According to SAS, data visualisation is important because of the way the human brain processes information, visualising large amounts of complex data is easier than poring over spreadsheets or reports.
In data that could include thousands or even millions of variables – a picture is worth a thousand words.
There is typically considered to be four Vs when it comes to big data; Volume, Velocity, Variety, Veracity. However, another V could simply be added to that – Visualisation.
Our attention spans are shortening (around 8 minutes) alondside the explosion of data and the need to understand it, so visualisation makes perfect sense because we essentially can’t comprehend the size and scale of most data.

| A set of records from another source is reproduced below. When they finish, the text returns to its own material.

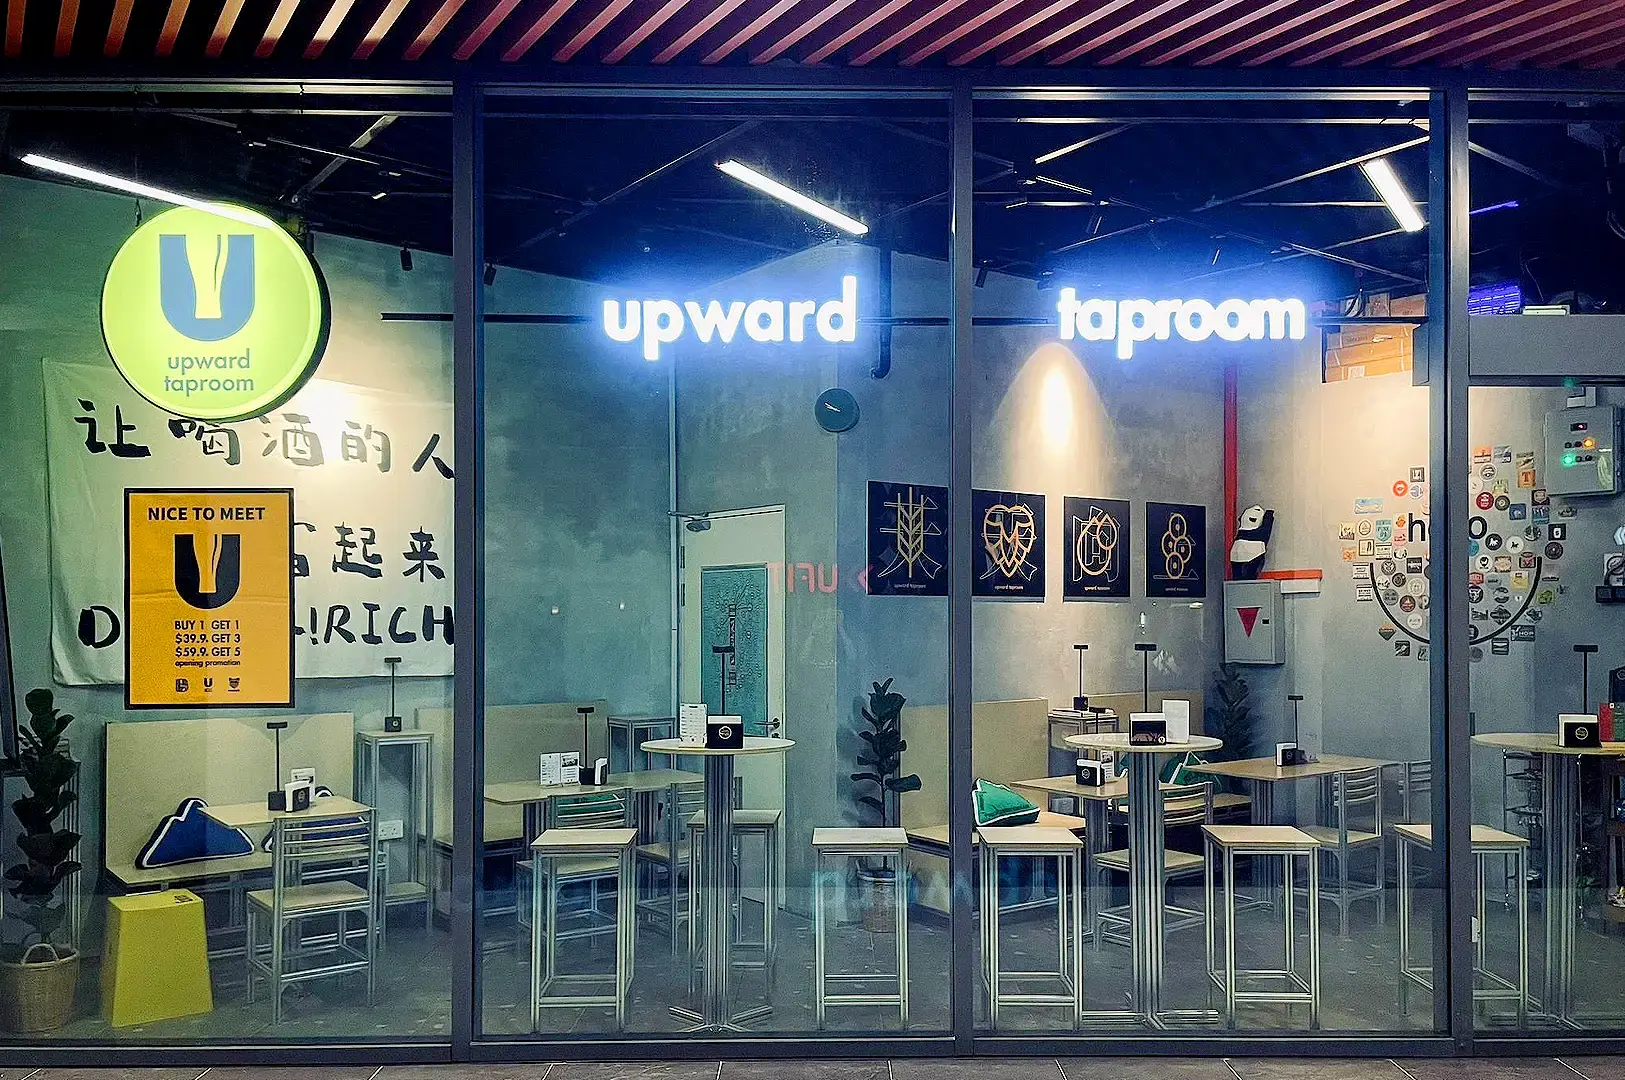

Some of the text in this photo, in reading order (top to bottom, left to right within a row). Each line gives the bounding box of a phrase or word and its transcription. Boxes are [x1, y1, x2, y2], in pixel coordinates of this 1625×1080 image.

[602, 275, 858, 361] upward
[1057, 287, 1306, 360] taproom
[167, 347, 250, 376] upward
[163, 375, 255, 397] taproom
[148, 507, 266, 521] NICE TO MEET
[174, 620, 240, 630] BUY 1 GET 1
[211, 633, 231, 643] GET
[233, 633, 241, 643] 3
[211, 646, 231, 657] GET
[233, 646, 241, 657] 5
[174, 659, 241, 668] opening promotion

For example, did you know that data will grow to 44 zettabytes by 2020 from just 4.4 zettabytes in 2014. One zettabyte is equivalent to a billion terabytes, which is equal to a trillion gigabytes – have you got your head around that?
Well here is a data visualisation to help you understand it.
This can be something simple but full of value but that doesn’t mean that data visualisations instantly equate to value or that it is done correctly – there is an art to it.
Anthony Deighton, CTO of Qlik told CBR in an interview last year: "Most people do a crappy job at data visualisation."
"Most people are not experts in data visualisation. Microsoft Excel is a disaster when it comes to this stuff. Most people’s visualisations on Excel are useless."
Qlik provides data visualisation tools for its product that enable enterprises to automatically create graphics from their data, and that data could be on customer insights, information about employees or from numerous other areas.
One of the criticisms of data visualisation tools is that while they produce pretty pictures they don’t really influence the decision making process or force a decision.
SAP is one company that has been vocal in the past on this subject and it has been working to integrate visualisation and analytics tools into S4 HANA so that it solves that exact problem.
A checklist for data visualisation preparation should be in place to help inform how the data is framed.
Firstly ask whether there is an understanding of the data that is being visualised, this includes knowing its size and cardinality. Ask who the audience is and how they process visual information – basically will a pie chart or bar chart suit or maybe it is better to go with a moving visualisation.
What type of information of information you are presenting should be asked. Is the user trying to see relationships among data points, to compare a set of values or to track rises and falls over time?
Data visualisation shouldn’t be underestimated and if done correctly can help deliver true value from big data.